また、仮に、当業者において、引用例2から引用例5に接し、前記一般的な認識によれば必ず
しも奏功するとは限らないとはいえ、ACE阻害活性を備えた物質が上記作用を示すか否か試行
することを想起したとしても、前述したとおり、IPP及びVPPは、性質、構造において上記
ACE阻害剤と大きく異なり、特にIPP及びVPPのACE阻害活性は上記ACE阻害剤より
もかなり低いものといえるから、試行の対象としてIPP及び/又はVPPを選択することは、
容易に想到するものではないというべきである。

以上によれば、引用発明と引用例2から引用例5とを組み合わせて補正発明を想到することは
容易とはいえず、本件審決が、「相当程度の確立した知見」を前提として、引用発明と引用例2か
ら引用例5とを組み合わせ、これらを併せ見た当業者であれば、引用発明においてACE阻害活
性を有することが確認されたIPP及び/又はVPPを、血管内皮の収縮・拡張機能改善及び血
管内膜の肥厚抑制の少なくとも一方の作用を有する剤として用いることに、格別の創意を要した
ものとはいえないと判断した点は誤りである。

[コメント]
一般に医薬用途は、特定の疾病への適用が特定されていることを意味する(特許審査基準 第Ⅶ
部 第3章 医薬発明)。
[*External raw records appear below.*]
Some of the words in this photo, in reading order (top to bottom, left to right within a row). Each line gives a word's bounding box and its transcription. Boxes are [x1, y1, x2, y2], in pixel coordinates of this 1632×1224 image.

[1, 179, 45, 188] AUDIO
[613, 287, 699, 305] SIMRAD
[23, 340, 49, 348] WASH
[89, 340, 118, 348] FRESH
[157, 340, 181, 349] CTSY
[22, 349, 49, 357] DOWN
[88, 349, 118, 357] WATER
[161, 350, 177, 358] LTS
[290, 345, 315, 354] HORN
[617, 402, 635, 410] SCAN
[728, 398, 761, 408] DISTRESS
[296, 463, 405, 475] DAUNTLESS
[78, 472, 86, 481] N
本願補正発明では、「血管内皮の収縮・拡張機能改善及び血管内膜の肥厚
抑制の少なくとも一方の作用を有する」との規定により用途を特定しているが、これは厳密な意
味では疾病への適用が特定されているものではなく、作用機序により用途を特定している。この
点は、拒絶査定において審査官から「本願の請求項1~12には、有効成分の有する血管内皮機
能改善および血管内膜の機構抑制作用が記載されるのみであり、その具体的な医薬用途さえ特定
されていない」と指摘されている。

同審査基準では、医薬用途の新規性の判断に関し、「請求項に係る医薬発明の医薬用途が、引用
発明の医薬用途を新たに発見した作用機序で表現したに過ぎないものであり、両医薬用途が実質
的に区別できないときは、請求項に係る医薬発明の新規性は否定される。」との記載がある。本件
では、本願補正発明における用途的に記載した作用機序「血管内皮の収縮・拡張機能改善及び血
管内膜の肥厚抑制の少なくとも一方の作用」が、引用例1に記載の「ACE阻害活性を示す、抗
高血圧剤」とは実質的に区別できるとの判断がなされたものと考えられる。

医薬用途の進歩性の判断においては、同審査基準では、「請求項に係る医薬発明の医薬用途が、
引用発明の医薬用途と異なっていても、出願時の技術水準から両者間の作用機序の関連性が導き
出せる場合は、有利な効果等、他に進歩性を推認できる根拠がない限り、通常、請求項に係る医
薬発明の進歩性は否定される。」と記載されている。

本件では、引用例1に本願発明と同一の有効成分の記載があり、ACE阻害活性による抗高血
圧用途が記載されていた。特許庁では、ACE阻害活性を有する他の薬剤(シラザプリル等)と
血管内皮の機能改善作用、血管内膜の肥厚抑制作用との関連性から進歩性を否定した。

これに対して、裁判所では、ACE阻害活性を有する他の薬剤と本願発明の有効成分とは、A
CE阻害活性の強度及び構造上の差異などで種々の相異があり、両者作用の関連性を認めなかっ
た。作用機序を用途的に規定した発明の進歩性の考え方として参考になる事例である。